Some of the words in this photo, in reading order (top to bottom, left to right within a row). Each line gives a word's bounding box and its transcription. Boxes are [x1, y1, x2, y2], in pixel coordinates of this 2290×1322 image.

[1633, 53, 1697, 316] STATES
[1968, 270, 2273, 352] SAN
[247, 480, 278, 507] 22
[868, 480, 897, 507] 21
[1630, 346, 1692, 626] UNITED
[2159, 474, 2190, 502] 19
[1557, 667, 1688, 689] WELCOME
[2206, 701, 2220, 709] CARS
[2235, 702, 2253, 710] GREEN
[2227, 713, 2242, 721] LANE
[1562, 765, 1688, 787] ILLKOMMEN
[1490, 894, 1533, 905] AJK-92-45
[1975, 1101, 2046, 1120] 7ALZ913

——————

Write down the entries above again. Copy them word for word.

Some of the words in this photo, in reading order (top to bottom, left to right within a row). Each line gives a word's bounding box and its transcription. Boxes are [x1, y1, x2, y2], in pixel coordinates of this 2290×1322 image.

[1633, 53, 1697, 316] STATES
[1968, 270, 2273, 352] SAN
[247, 480, 278, 507] 22
[868, 480, 897, 507] 21
[1630, 346, 1692, 626] UNITED
[2159, 474, 2190, 502] 19
[1557, 667, 1688, 689] WELCOME
[2206, 701, 2220, 709] CARS
[2235, 702, 2253, 710] GREEN
[2227, 713, 2242, 721] LANE
[1562, 765, 1688, 787] ILLKOMMEN
[1490, 894, 1533, 905] AJK-92-45
[1975, 1101, 2046, 1120] 7ALZ913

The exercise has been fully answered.